The Seriousness of Data Quality Problems

A CIA official conducting a search on Libyan leader Moammar Gadhafi found more than 60 alternate spellings of his name. Some of the alternate spellings are listed in Figure 2 and were seen in Figure 1. In this example, we are talking about someone who is believed to have supported terrorist-related activities and is the leader of an entire country, yet we still cannot properly identify him.


Figure 2: Alternate Spellings of Libyan Leader's Surname

Note that this example was obtained through the sampling of CIA data only – imagine how many more alternate spellings of Gadhafi one would find upon integrating FBI, INS and other sources. Fortunately, most of us are not trying to save the world, but data quality might save our business!

Why Data Quality Problems Go Unresolved

Problems with data quality are not unique to government; no organization, public or private, is immune to this problem. Excuses for doing nothing about it are plentiful:

  1. It costs too much to replace the existing systems with data-sharing capability.
  2. We could build interfaces into the existing systems, but no one really understands the existing data architectures of the systems involved.
  3. How could we possibly build a parser with the intelligence to perform pattern recognition for resolving aliases, let alone misspellings and misidentifications?
  4. There is simply no way of projecting return on investment for an investment such as this.

Quite similarly, the USA Today article cited the following three problems, identified publicly by the FBI and privately by CIA and INS officials:

  1. Conflicting methods are used by agencies to translate and spell the same name.
  2. Antiquated computer software at some agencies won't allow searches for approximate spellings of names.
  3. Common Arabic names such as Muhammed, Sheik, Atef, Atta, al-Haji and al-Ghamdi add to the confusion (i.e., multiple people share the same name).

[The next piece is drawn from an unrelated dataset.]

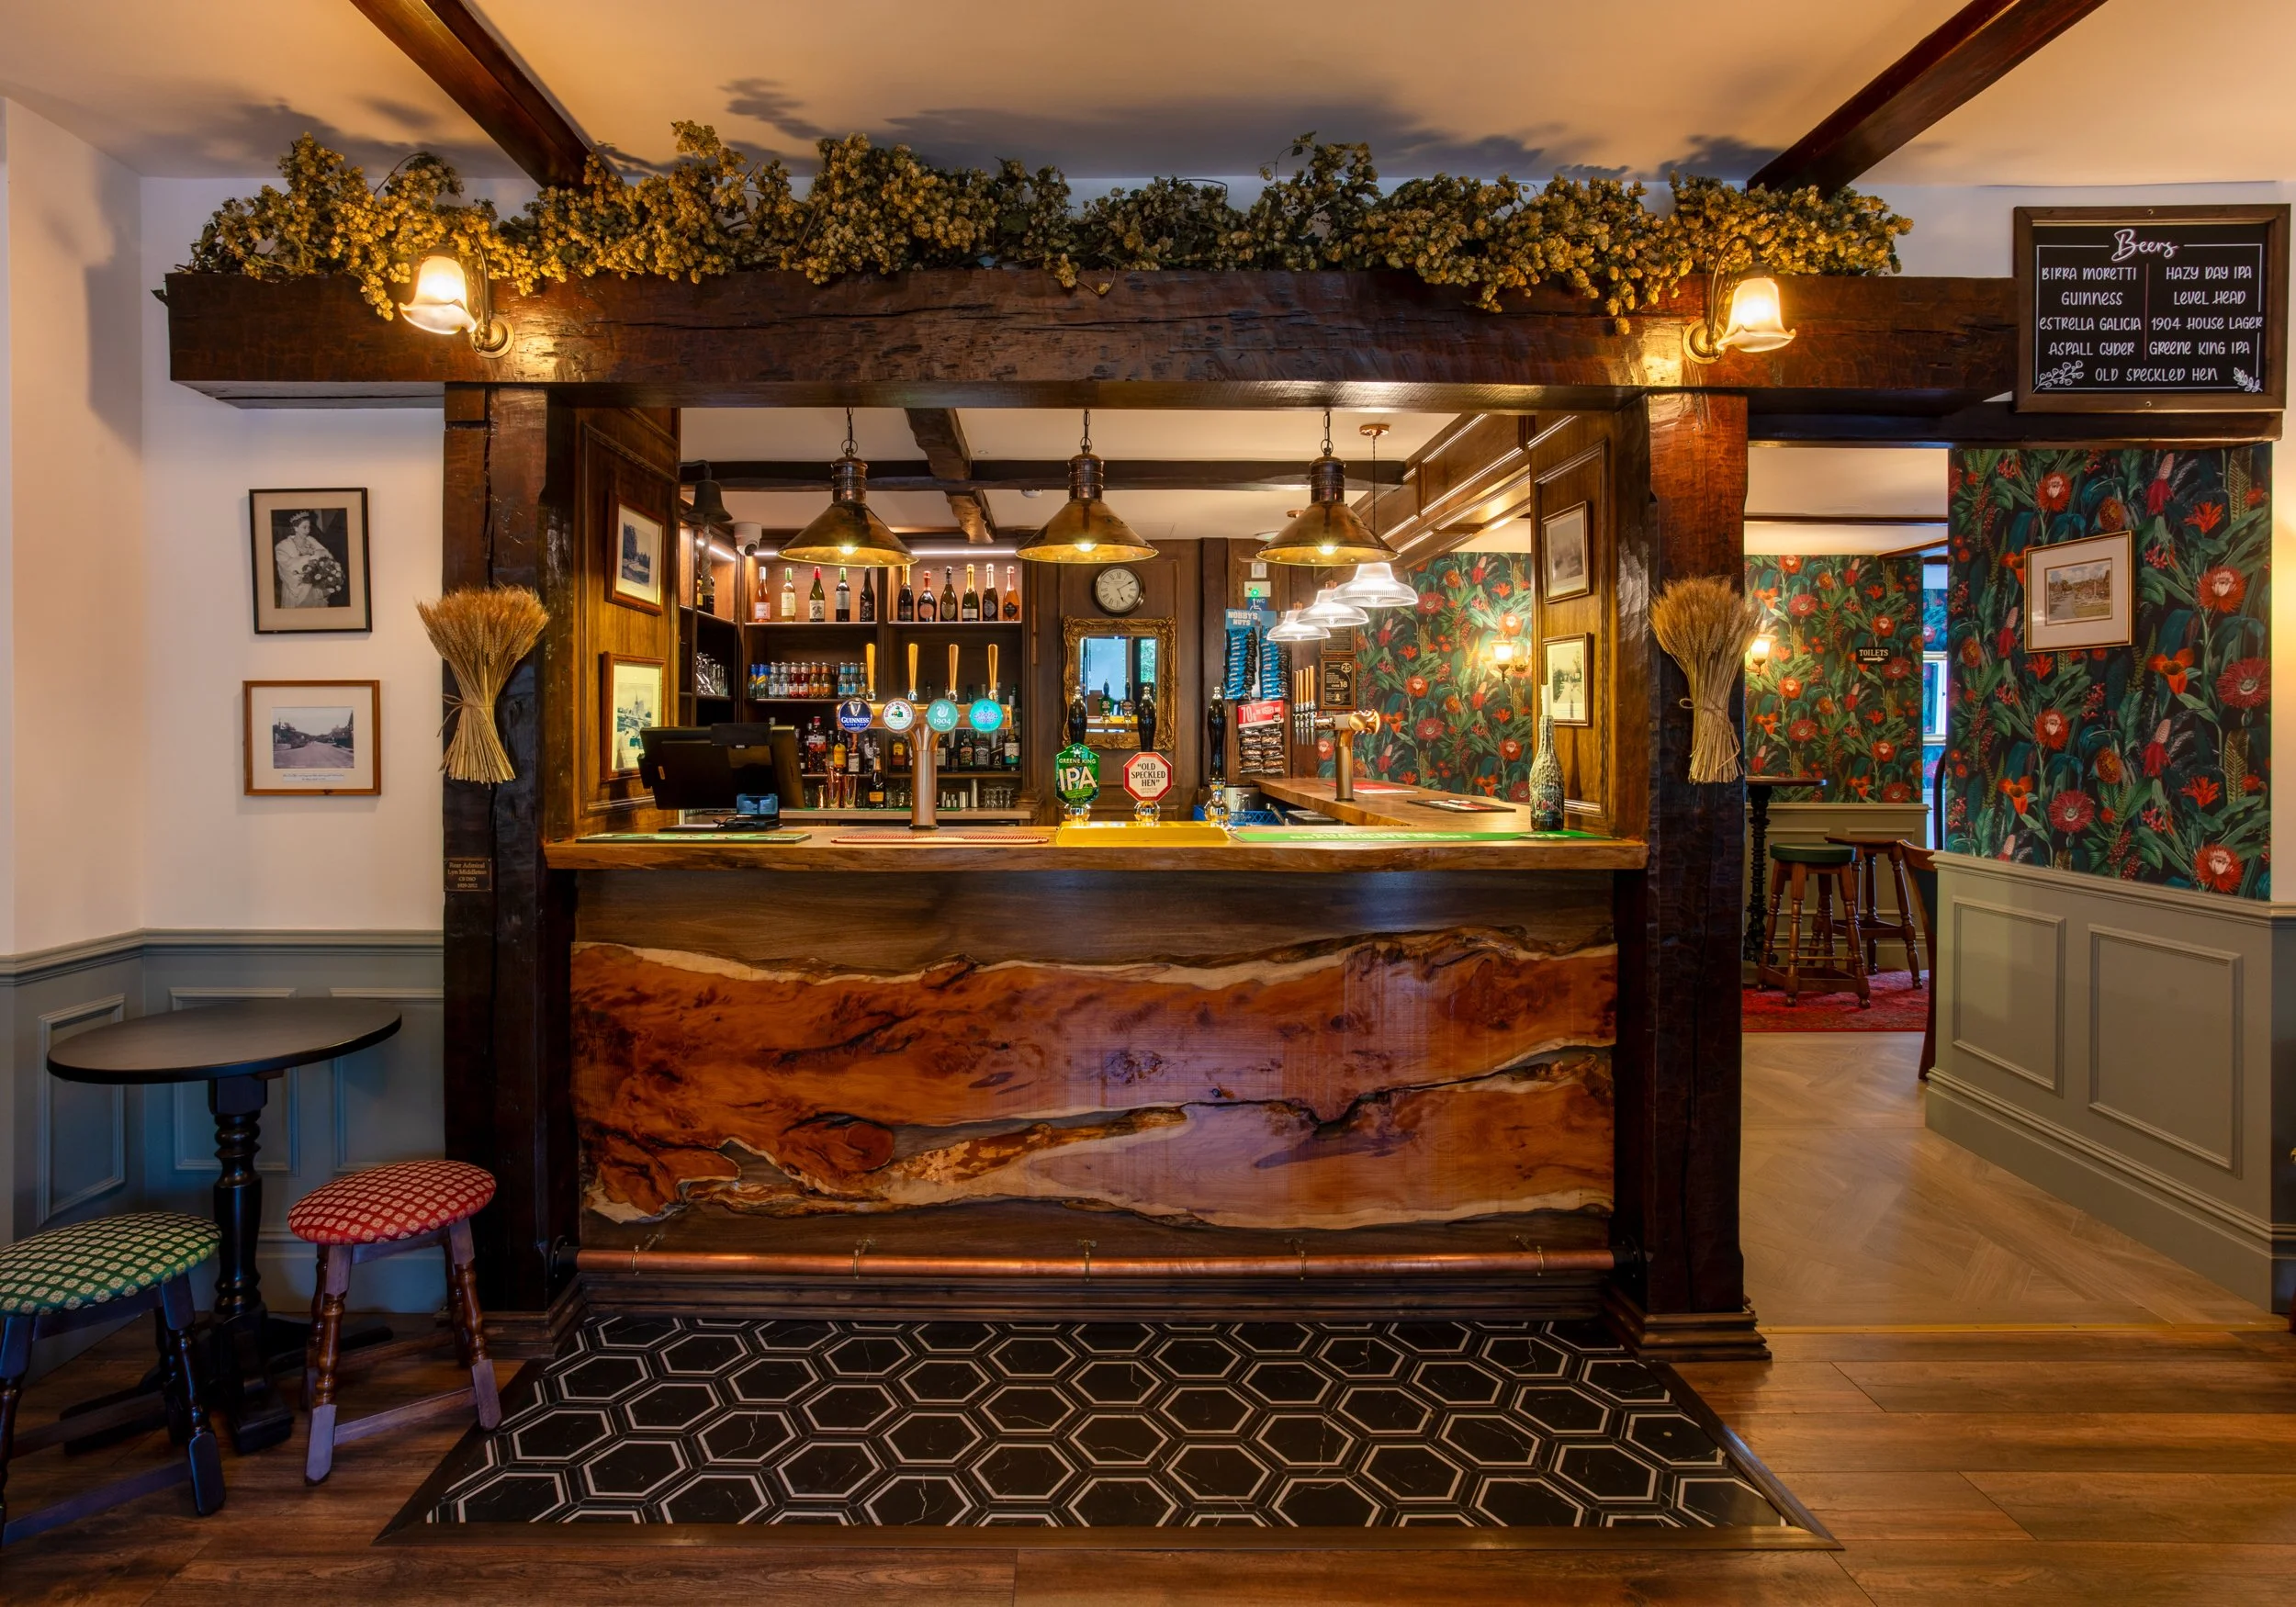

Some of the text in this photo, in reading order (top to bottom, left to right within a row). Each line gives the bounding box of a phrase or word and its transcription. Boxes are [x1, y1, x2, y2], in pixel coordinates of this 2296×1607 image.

Fradulent Data Quality Problems

To further complicate matters, a New York Times article published July 10, 2002, confirmed that at least 35 bank accounts had been acquired by the September 11, 2001, hijackers during the previous 18 months. The hijackers used stolen or fraudulent data such as names, addresses and social security numbers.

Data Collection

Whether you're selling freedom or widgets, whether you service tanks or SUVs, you have been collecting data for a long time. Most of this data has been collected in an operational context, and the operational life span (approximately 90 days) of data is typically far shorter than its analytical life span (endless). This is a lot of data ­ with a lot of possibilities for quality issues to arise. Chances are high that you have data quality issues that need to be resolved before you load data into your data warehouse.

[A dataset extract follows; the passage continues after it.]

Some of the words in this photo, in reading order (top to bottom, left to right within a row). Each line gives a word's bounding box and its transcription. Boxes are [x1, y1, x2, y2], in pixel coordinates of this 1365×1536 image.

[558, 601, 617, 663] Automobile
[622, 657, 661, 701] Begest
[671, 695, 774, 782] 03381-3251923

Solutions for Data Quality Issues

Fortunately, there are multiple options available for addressing data quality problems. We will describe three specific options here:

  1. Build an integrated data repository.
  2. Build translation and validation rules into the data-collecting application.
  3. Defer validation until a later time.

Option 1: Integrated Data Warehouse

The first and most unobtrusive option is to build a data warehouse that integrates the various data sources, as reflected in the center of Figure 3.


Figure 3: Integrated Data Warehouse

An agreed-upon method for translating the spellings of names would be universally applied to all data supplied to the integrated data warehouse, regardless of its source. Extensive pattern-recognition search capability would be provided to search for similar names that may prove to be aliases in certain cases.

The drawback here is that the timeliness of quality data is delayed. It takes time for each source to collect its data and then submit it to the repository where it can then be integrated. The cost of this integration time frame will be different depending on the industry.

Clearly, freedom fighters need high-quality data on very short notice. Most of us can probably wait a day or so to find out if John Smith has become our millionth customer ­ or whatever the inquiry may be.

Option 2: Value Rules

In many cases, we can afford to build our translation and validation rules into the applications that initially collect the data. The obvious benefit of such an approach is the expediency of access to high-quality data. In this case, the agreed-upon method for translating data is centrally constructed and shared by each data-collection source. These rules are applied at the point of data collection, eliminating the translation step of passing data to the integrated data warehouse.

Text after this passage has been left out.